Schatz also gained attention for sparring with Hawley over various Biden nominees. In April 2022, Hawley objected to the confirmation of Christopher Lowman, prompting a fiery response from Schatz on the floor that cited Hawley's previous vote against Ukraine aid and his vote to exonerate Trump for extorting Ukrainian president Volodymyr Zelenskyy. In December 2022, Hawley objected to Schatz's attempt to confirm Russell Rumbaugh. The Senate confirmed both Lowman and Rumbaugh.

During the second of the 2026 United States federal government shutdowns, Schatz objected to unanimous consent for S. Res. 526, a resolution introduced by Senator John Kennedy to withhold senators' pay during a shutdown. The objection occurred during a Sunday Senate session during the shutdown. Schatz subsequently left the chamber, which prompted Kennedy to later criticize Democrats on social media, saying that they had blocked the resolution "without explaining why".

=== 119th Congress committee assignments ===
Source:
- Committee on Appropriations
- Committee on Commerce, Science, and Transportation
- Committee on Foreign Relations
- Committee on Indian Affairs (vice chairman)
- Select Committee on Ethics

===Leadership positions===
- Deputy Secretary, Senate Democratic Caucus
- Chief Deputy Whip
- Co-chair, Senate Climate Change Task Force
- Chair, Senate Democratic Special Committee on the Climate Crisis
- Member, Board of Trustees for the Harry S. Truman Scholarship foundation

===Caucus memberships===
- Congressional Asian Pacific American Caucus
- Congressional NextGen 9-1-1 Caucus
- Expand Social Security Caucus

==Political positions==

In 2018, New York magazine called Schatz a progressive but not a "bomb thrower" like Bernie Sanders. It characterized him as a low-profile but highly influential senator in pushing fellow Democrats to adopt progressive policy positions in the 2020 Democratic Party presidential primaries. In November 2025, Puck called Schatz "a leader of the party's progressive wing" who might be opposed by moderate Democrats if he runs to succeed Chuck Schumer as the Senate Democratic leader as his selection would run "counter to the tradition of Senate leaders who care more about winning than ideology".

=== Abortion ===
Schatz is pro-choice. He supports access to legal abortion without restrictions.

=== Budget and economy ===
Schatz supports income tax increases to balance the budget and federal spending to support economic growth.

===LGBTQ+ rights===
Schatz supports same-sex marriage. He sponsored legislation in 2015 to allow married gay couples to have equal access to the veterans benefits and Social Security they have earned. Schatz supports LGBTQIA+ rights. He received a 100% rating from the Human Rights Campaign. Schatz supports transgender rights.

=== Drugs ===
Schatz stopped short of calling for the legalization of marijuana in Hawaii in 2014, and has called for the criminalization of date-rape drugs. In 2016, he advocated for immunity for banks offering services to marijuana businesses.

===Economy===
To encourage tourism in West Hawaii, Schatz proposed that customs begin in Japan so that planes can arrive in West Hawaii as domestic flights.

===Environment===
In March 2014, Schatz was a lead organizer of an overnight talkathon devoted to discussing climate change. The gathering of over two dozen Senate Democrats took place on the Senate floor. The League of Conservation Voters supported the talkathon and ran campaign ads on Schatz's behalf.

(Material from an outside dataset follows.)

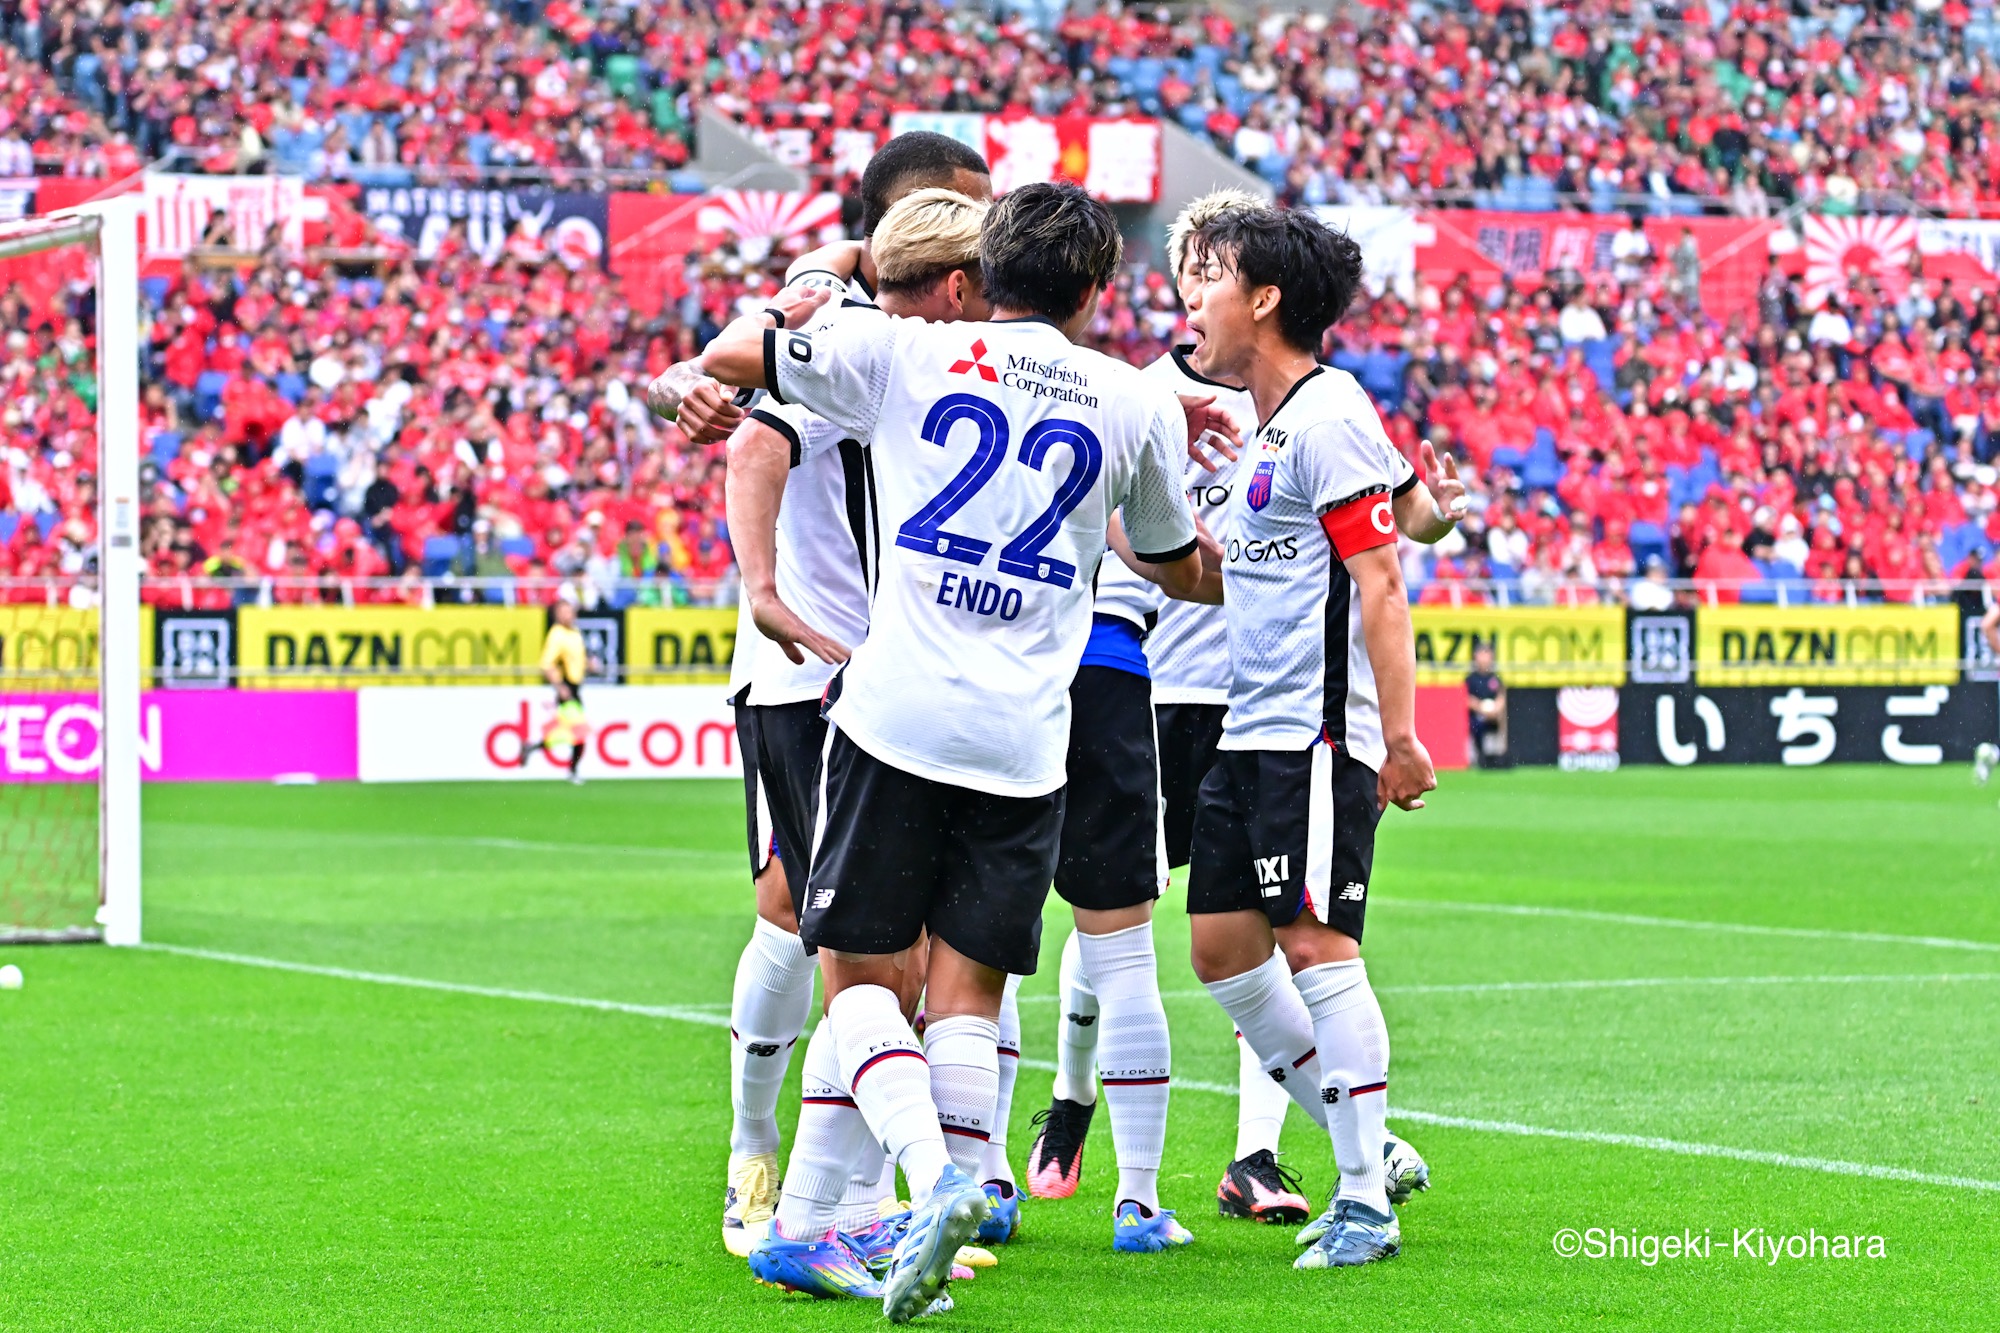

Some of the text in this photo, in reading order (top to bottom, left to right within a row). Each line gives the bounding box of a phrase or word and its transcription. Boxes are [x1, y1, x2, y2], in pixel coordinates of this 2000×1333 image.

In 2019, Schatz voiced his support for both a Green New Deal and a carbon tax as means to reduce emissions, saying that the two proposals are "perfectly compatible" with each other.

Schatz believes that climate change is a threat and has supported clean energy initiatives. In 2013, he wrote an op-ed promoting subsidies for wind turbines. He has advocated for 50% clean and carbon-free electricity by 2030. He opposed the Keystone Pipeline.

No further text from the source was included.